法務局で管理されている図面ですが、管轄の法務局に行ってお金を払えば(1地番500円くらい)誰でも取得することが出来ます。(自分の土地かどうかは関係ないです。)
ご自分の土地の形状が気になるときは、市役所の国土調査の図面ではなく、まずこちらの図面を確認されることをおススメします。
なぜかと言うと、法務局の図面のほうが権利的に上だからです。
話がだんだん逸れてきたので、その件についてはまたの機会にじっくり触れたいと思いますが、一言で説明するなら、、、
国土調査の図面は過程、法務局の図面は結果です。
どれだけ過程がよくても結果に反映されていなければ意味が無い・・・伝わるかな?(汗)
・・・
で、話を戻しますが、
公共事業の影響範囲を確定する用地測量では、法務局から取得した「公図」を資料として報告書に添付します。

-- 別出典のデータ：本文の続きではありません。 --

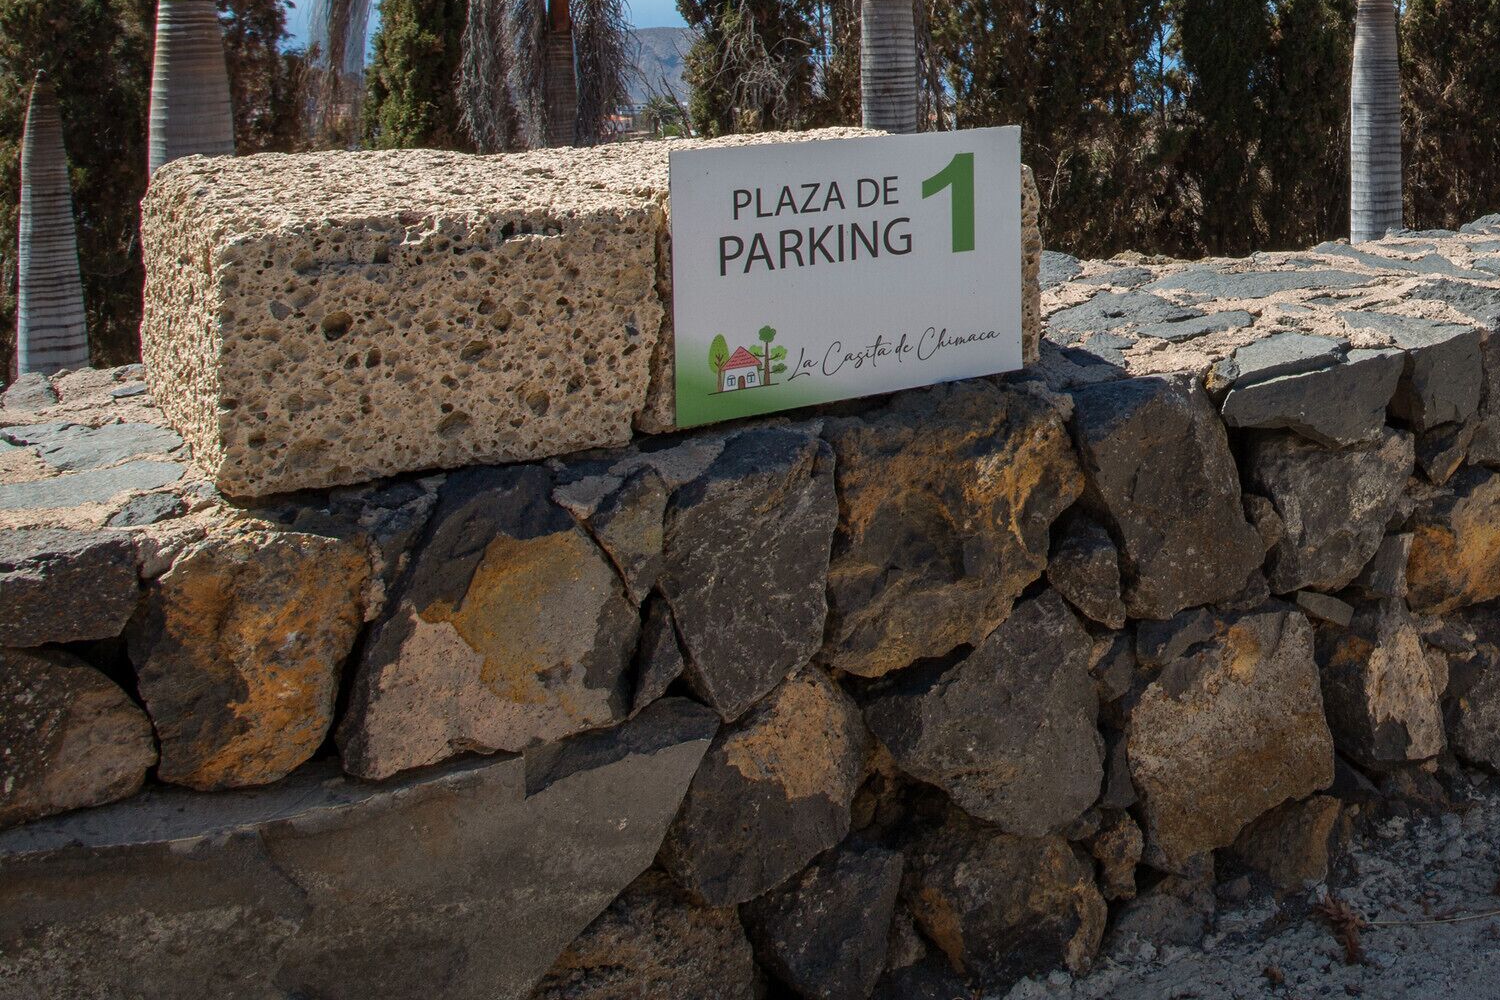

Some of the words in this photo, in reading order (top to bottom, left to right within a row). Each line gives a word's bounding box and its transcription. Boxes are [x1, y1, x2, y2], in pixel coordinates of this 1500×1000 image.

[733, 180, 846, 220] PLAZA
[857, 175, 900, 208] DE
[921, 151, 975, 253] 1
[719, 217, 913, 276] PARKING
[787, 347, 819, 382] La
[822, 335, 892, 376] Casita
[894, 333, 914, 363] de
[917, 326, 1001, 361] Chimaca

今回、弊社が納品した報告書では、作成した「測量図」とこの添付した「公図」を重ねたときに合わない・・・という指摘だったのです。
公図等の転写の縮尺がおかしい理由
測量の成果である「測量図」にも法務局で取得した「公図」にも縮尺があります。
同じ縮尺で同じ地番の土地ならば、両図面を重ねたときにぴったり一致しなければいけません。
それが一致しない。
社内で話をして原因はすぐにわかりました。
それはずばり、
印刷設定!
コピー機の設定で以下のところにチェックが入っていたため、縮小して印刷されていたんです。
検証してみました。
実際にどれくらい変わってくるのか検証してみました。
弊社では「RICOH C4503」というプリンターを使用しています。
おそらくプリンターの性能による部分も大きいと思うので、一概には言えませんが、参考値ということでご参考までに。
まず、検証に使った図面はこちら。(注:画像の地番・座標値は架空の地番という事です)

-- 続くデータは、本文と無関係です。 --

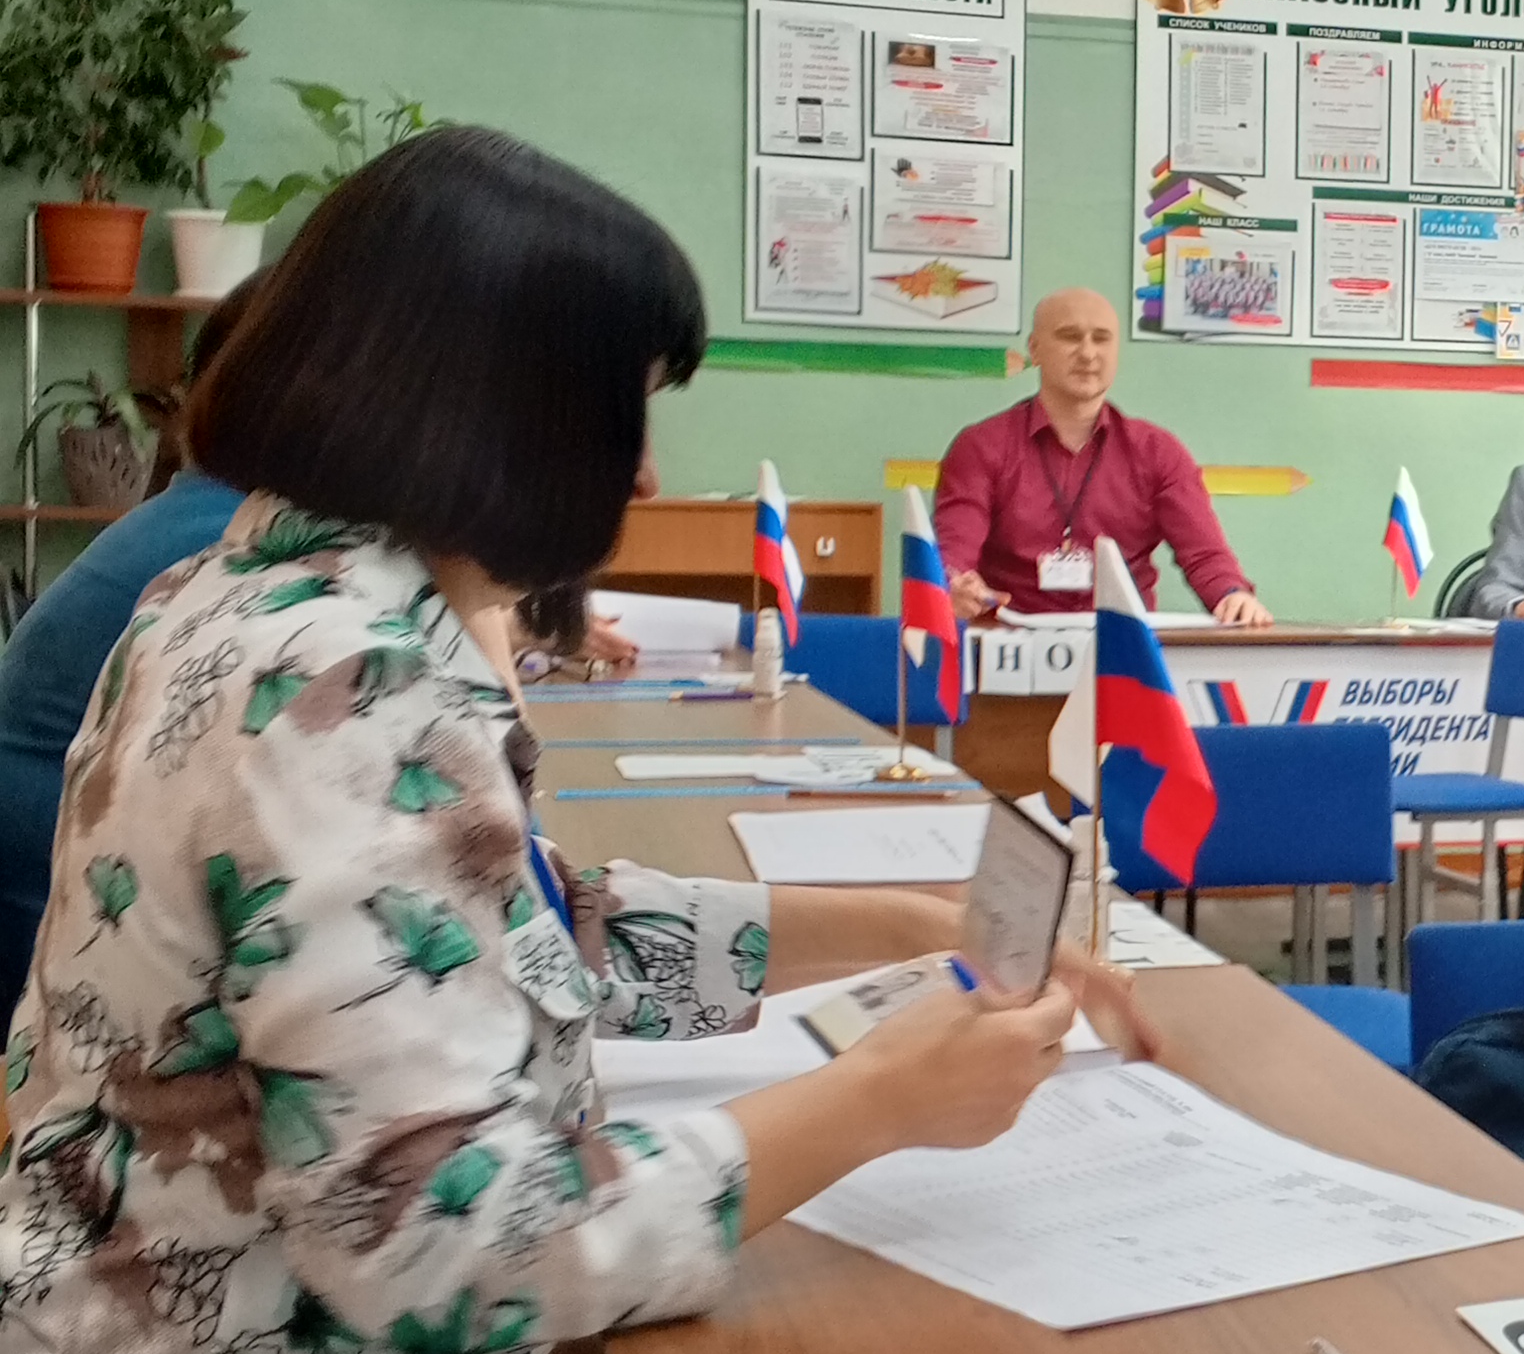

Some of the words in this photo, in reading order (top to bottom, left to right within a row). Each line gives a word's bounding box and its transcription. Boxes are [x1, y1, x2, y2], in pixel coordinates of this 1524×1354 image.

[1169, 18, 1210, 30] СПИСОК
[1213, 21, 1267, 33] УЧЕНИКОВ
[1308, 27, 1381, 40] ПОЗДРАВЛЯЕМ
[1408, 193, 1437, 203] НАШИ
[1440, 195, 1505, 206] ДОСТИЖЕНИЯ
[1198, 216, 1222, 226] НАШ
[1226, 218, 1260, 228] КЛАСС
[1422, 222, 1481, 236] ГРАМОТА
[1340, 678, 1460, 707] ВЫБОРЫ
[1333, 715, 1494, 747] ИДЕНТА
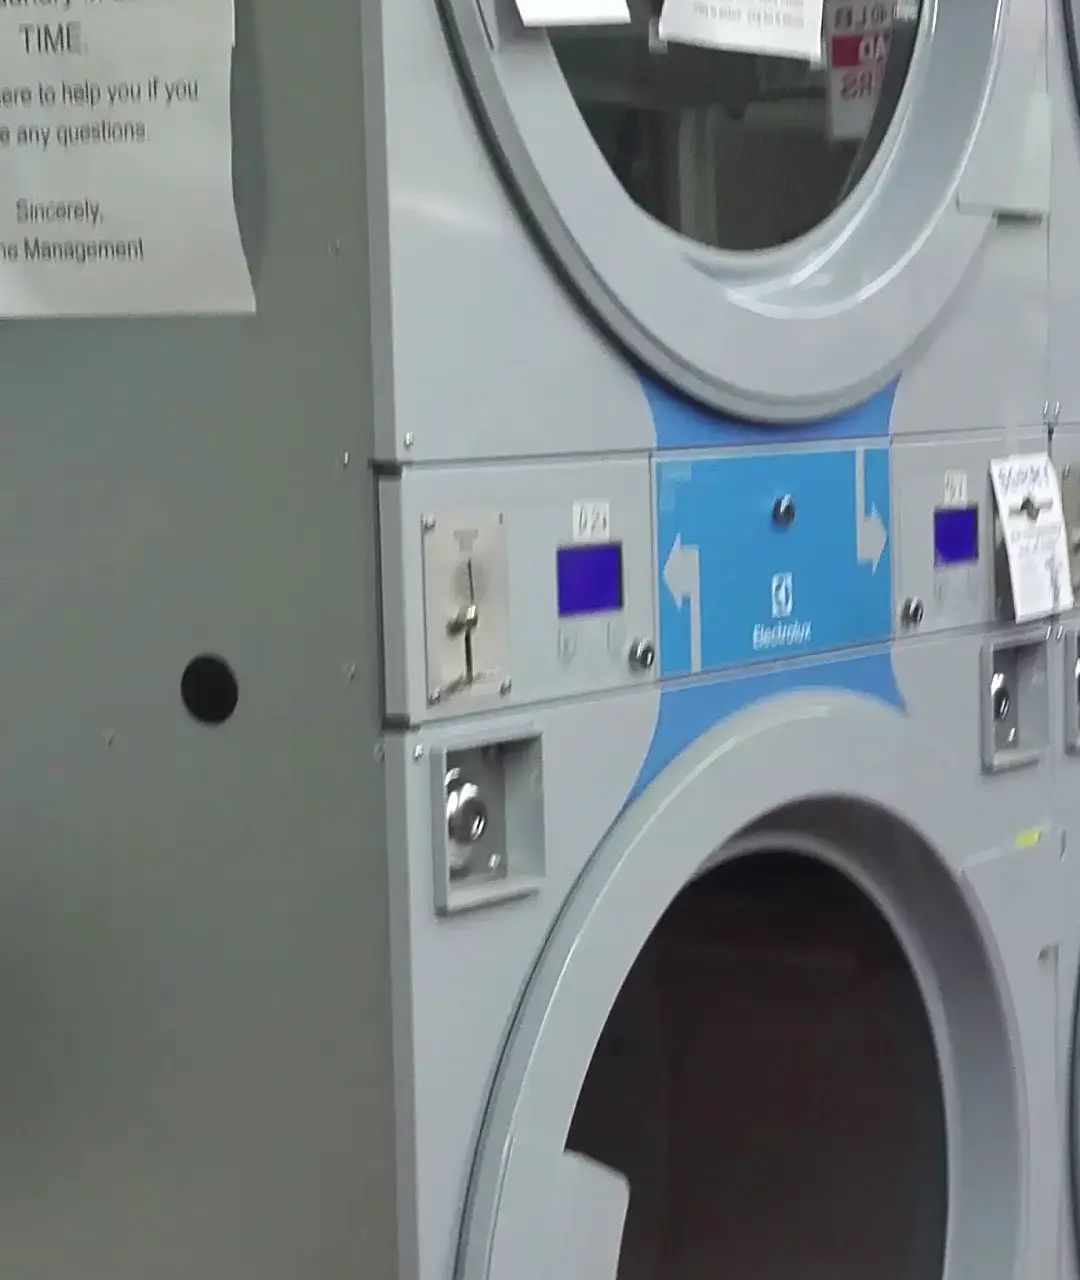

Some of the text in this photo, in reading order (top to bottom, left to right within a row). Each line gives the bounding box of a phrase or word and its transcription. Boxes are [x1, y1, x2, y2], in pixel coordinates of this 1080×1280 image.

[38, 81, 56, 107] to
[62, 78, 101, 110] help
[107, 82, 142, 108] you
[148, 76, 160, 102] if
[165, 79, 200, 109] you
[17, 124, 51, 152] any
[16, 196, 104, 230] Sincerely,
[24, 236, 144, 269] Management

1.画像の青○の所に書いてある座標値から、赤い四角の縦・横の長さ(距離)を求めます。
サンプルの地図は縮尺が1/500、計算したところ赤い四角の縦の長さは126m、横の長さは125mです。
2.プリンター設定の「実際のサイズ」にチェックをつけて印刷。
印刷した図面の縦と横の長さを三角スケールで計測すると、縮尺1/500で縦126.4mで横125.2mでした。
原図より若干伸びているということになります。
3.プリンター設定の「合わせる(F)」にチェックをつけて印刷。
2.同様に計測すると、縮尺1/500で縦121.0mで横122.0mでした。
予想以上に大分縮んでいます。折ってを重ねてみるとよくわかります。
検証を終えて・・・
A3サイズのファイルをA3用紙に印刷したにもかかわらず、思っていた以上に縮んでいたことに驚きました。
そして、そのことに気付いてなかったのもショックでした。
正確には気付いてなかったと言うよりも 気にしていなかった・・・
言い訳になってしまいますが、
我々がこの「公図」を使用する際、上の画像の青○の座標値を基に四角形(赤の四角部分)で補正をしてコンピューターに取り込んで作業を行います。
だからおそらく、データの図面の精度は確認しているから、紙で出力した図面を、添付資料という事で軽視していたのだと思います。
初歩的なミスで恥ずかしい限りです。
どの業界でもあるのかもしれませんが、コンピューターなどの技術が発達し便利になった反面、このような初歩的なミスが増えてきているような気がします。
すごい計算は一瞬で出来るのに、最後の足し算があっていない・・・というような。
システムに頼り切っているところがあるんですよね。
それと、
最終的な利用者(ここでは報告書を見る人)の立場になっていない事を気づかされました。
どんなに素晴らしい技術を持っていても、それが利用者のためにならなければ素晴らしいとはいえないですね。
最終的な人によるチェックの重要性と利用者の立場に立つ事を再認識しました。
反省して改善していきたいと思います。